An OVX server consists of eight Nvidia A40 GPUs, three Nvidia ConnectX-6 Dx 200Gbps NICs, 1TB system memory and 16TB NVMe storage.
The system scales from a single pod of eight OVX servers to a 32-server OVX SuperPOD connected to Nvidia Spectrum-3 switch, and several OVX SuperPODs can be combined for massive digital twin simulations.
“Physically correct digital twins are the future of how we design and build,” said Nvidia Vice President of Professional Visualization Bob Pette.

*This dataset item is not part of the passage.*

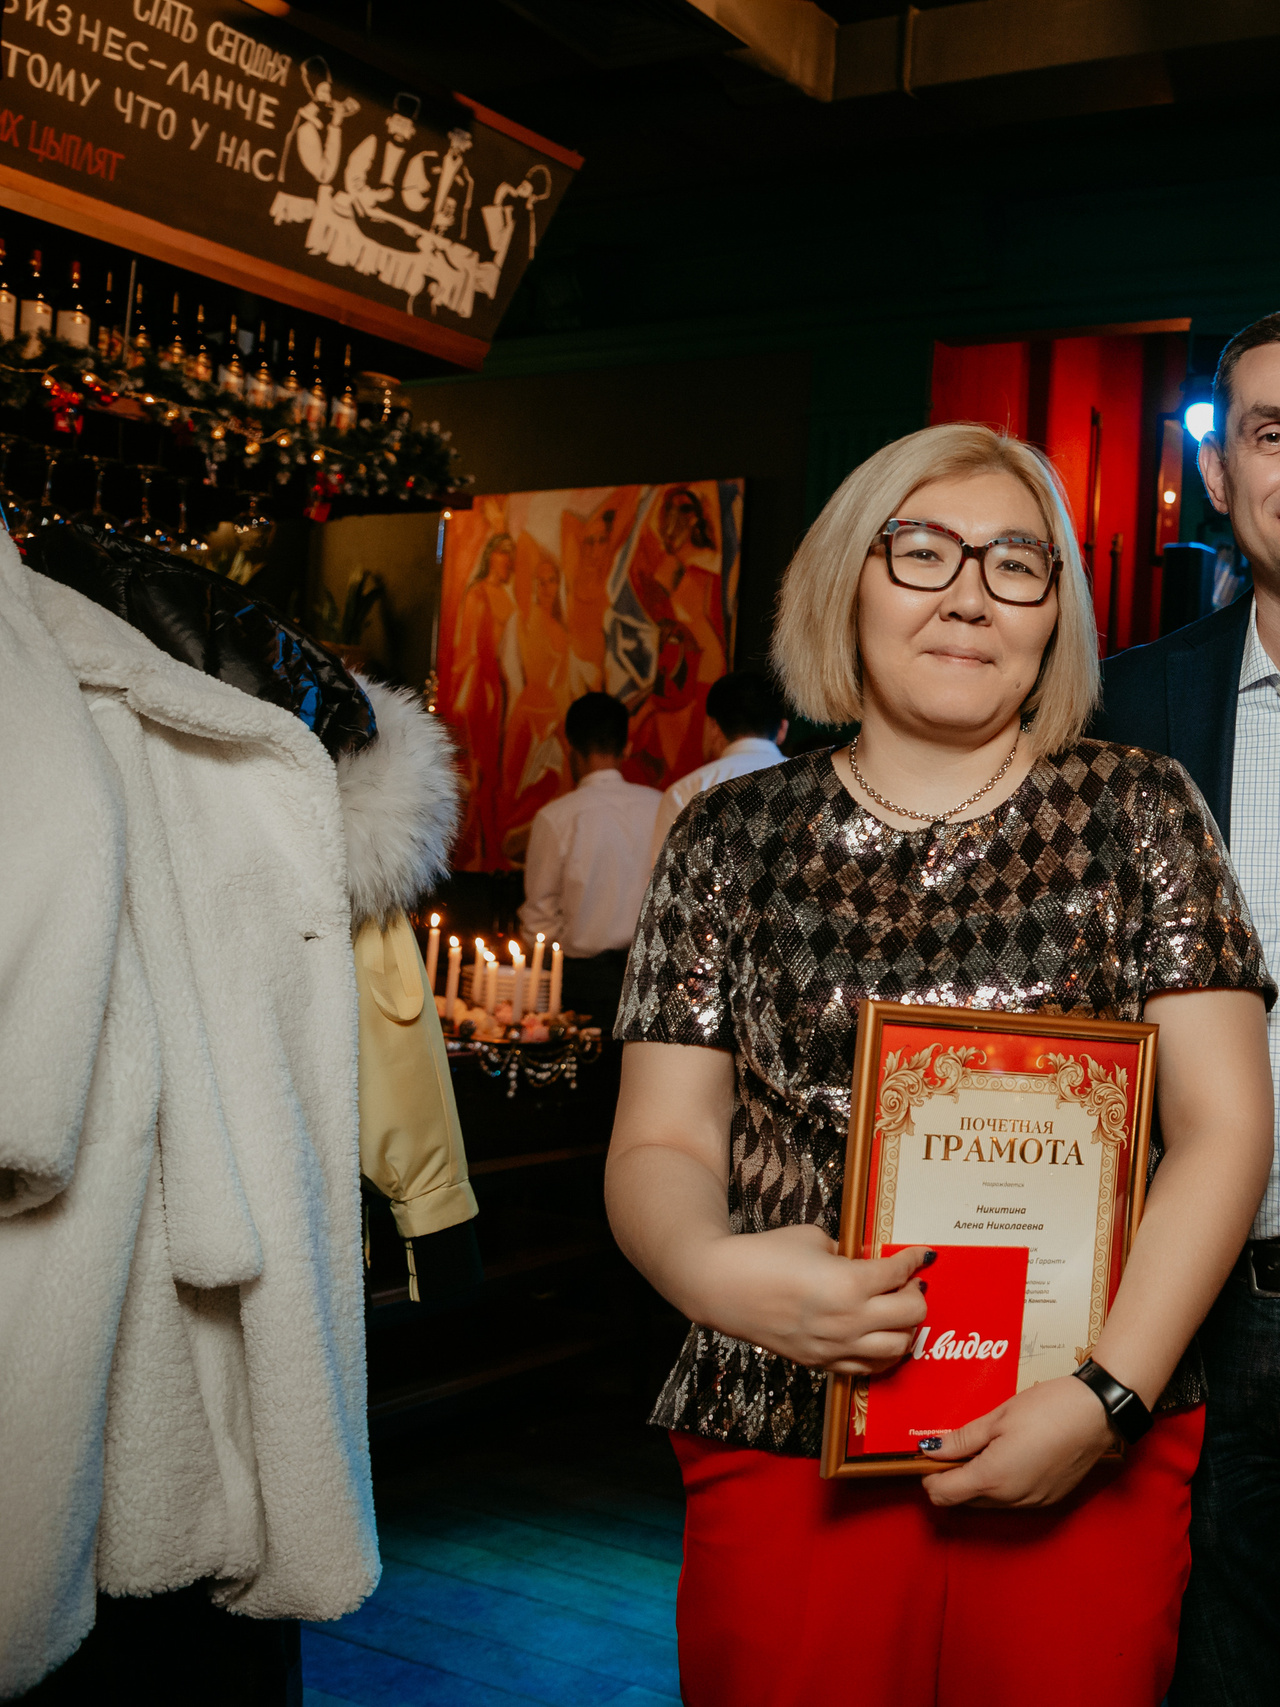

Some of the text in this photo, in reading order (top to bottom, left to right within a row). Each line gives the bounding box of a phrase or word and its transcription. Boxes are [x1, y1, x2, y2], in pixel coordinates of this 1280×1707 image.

“Digital twins will change as every industry and company plans. The OVX portfolio of systems will be able to deliver real-time, real-time, ever-synchronized, industrial-scale digital twins across the industry.”
OVX servers from Inspur, Lenovo and Supermicro will be available later in 2022.
AI Platform
Multiple components of Nvidia’s free AI platform have been updated. Riva Speech AI and Merlin recommendation software are now widely available, and new versions of Triton (Inferencing), NeMo (large language models), Maxine (audio and video enhancement) and Tao Toolkit (Custom tuning of Riva models) have been released.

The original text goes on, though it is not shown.